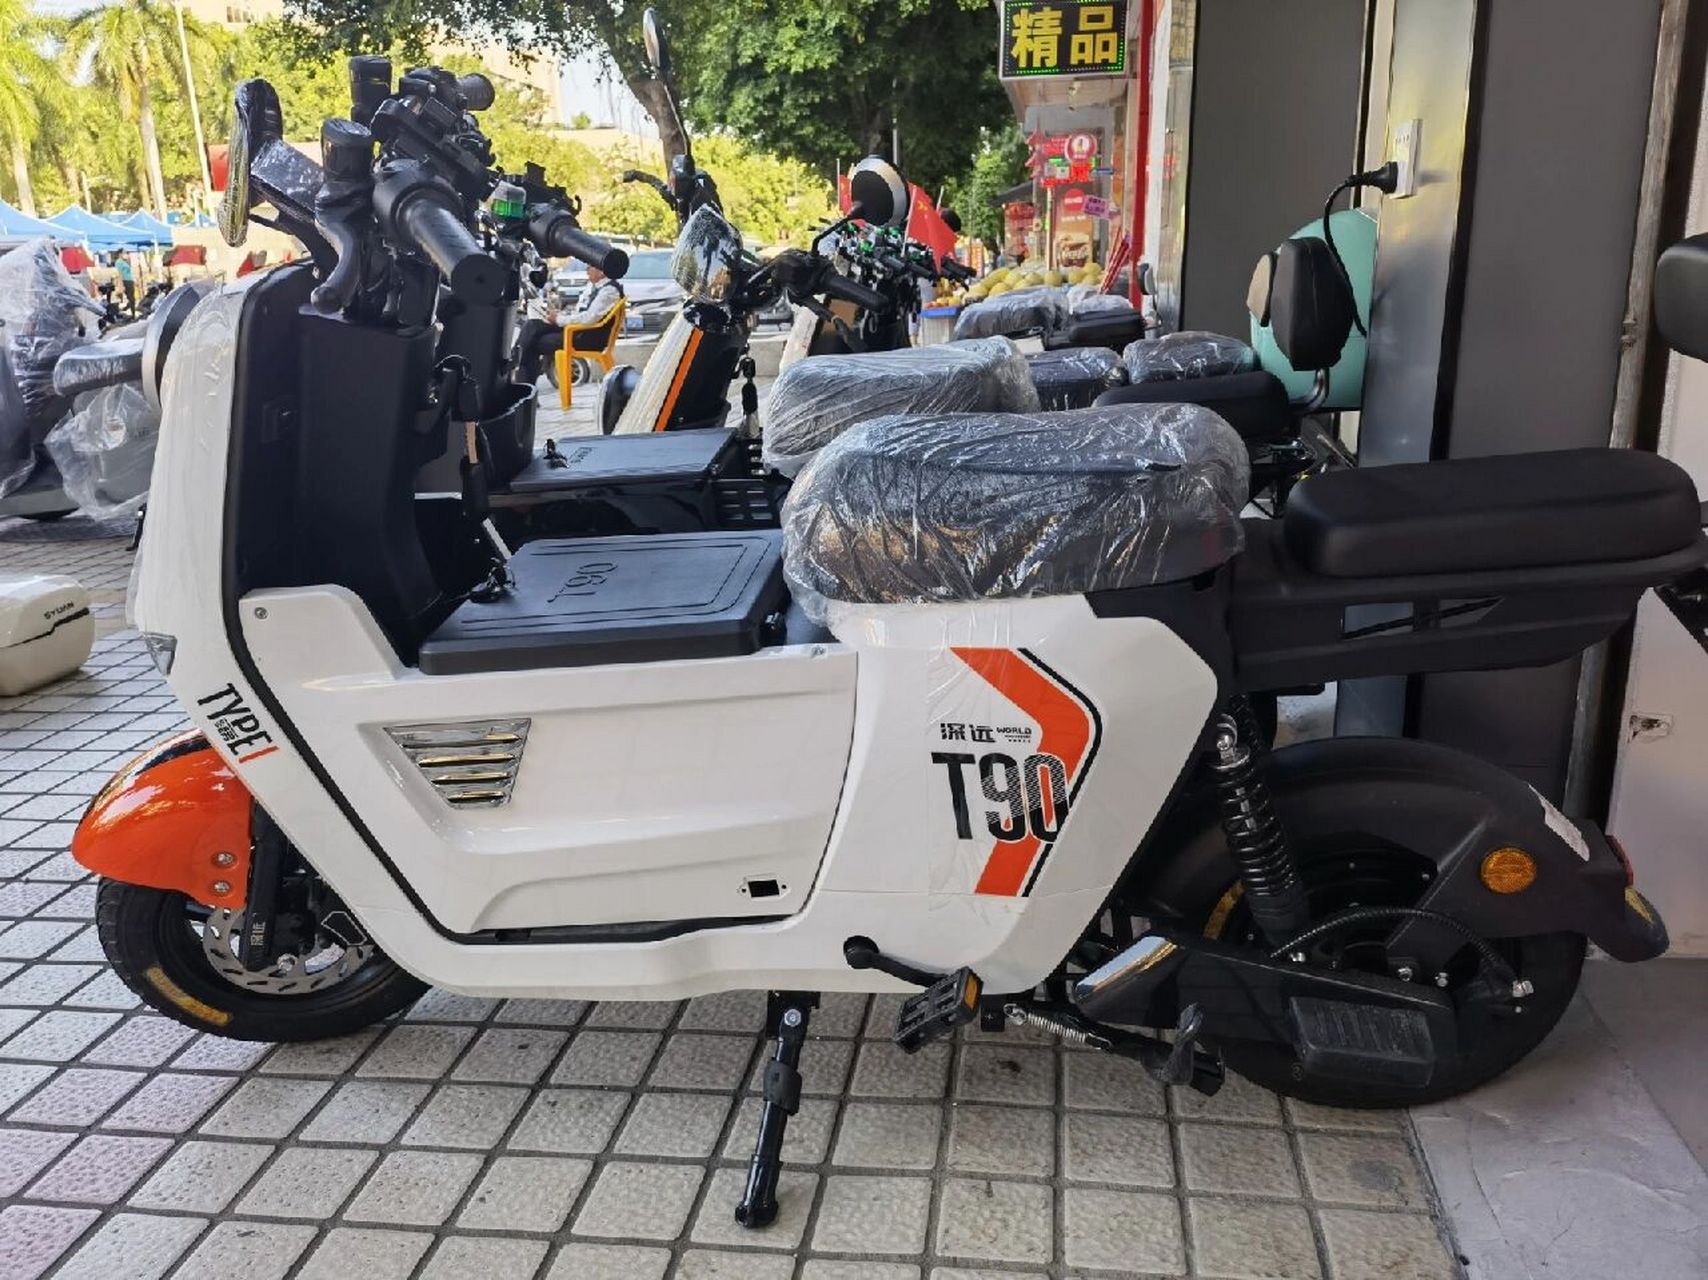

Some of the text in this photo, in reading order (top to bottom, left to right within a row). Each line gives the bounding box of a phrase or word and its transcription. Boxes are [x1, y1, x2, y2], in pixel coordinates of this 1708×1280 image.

[1010, 6, 1118, 68] 精品
[940, 723, 1032, 743] 深远 WORLD
[931, 751, 1069, 842] T90
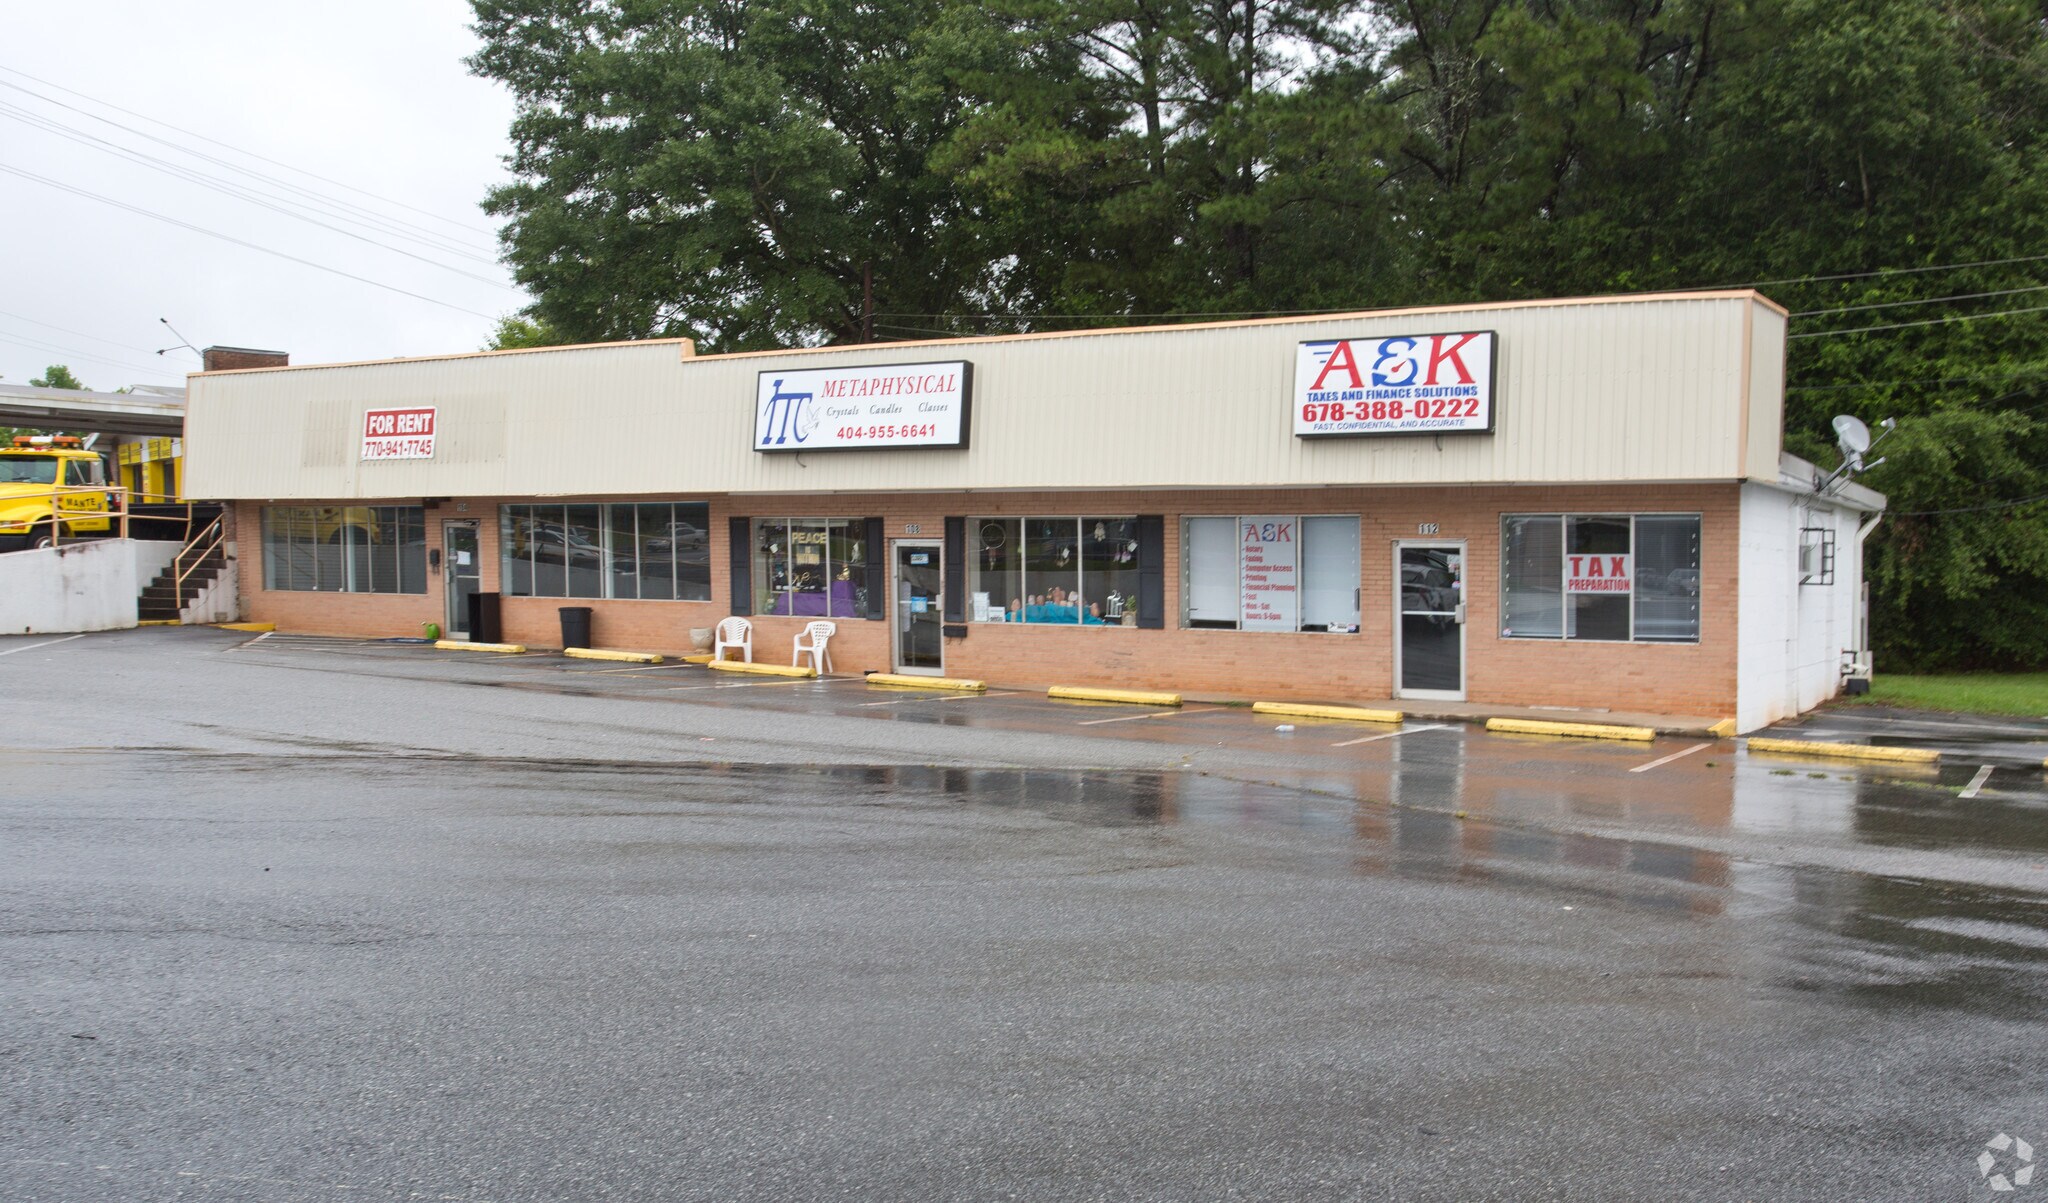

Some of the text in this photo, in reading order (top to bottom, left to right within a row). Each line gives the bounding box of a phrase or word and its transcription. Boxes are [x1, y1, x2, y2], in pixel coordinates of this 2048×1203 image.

..........

§ **Problem to work on**: No pictures belong in the copy. Repeat the listing above exactly.

§ **Task answer**:
Some of the text in this photo, in reading order (top to bottom, left to right within a row). Each line gives the bounding box of a phrase or word and its transcription. Boxes are [x1, y1, x2, y2], in pixel coordinates of this 1708×1280 image.

[1010, 6, 1118, 68] 精品
[940, 723, 1032, 743] 深远 WORLD
[931, 751, 1069, 842] T90

Some of the text in this photo, in reading order (top to bottom, left to right within a row). Each line gives the bounding box of a phrase or word and its transcription. Boxes are [x1, y1, x2, y2], in pixel coordinates of this 2048×1203 image.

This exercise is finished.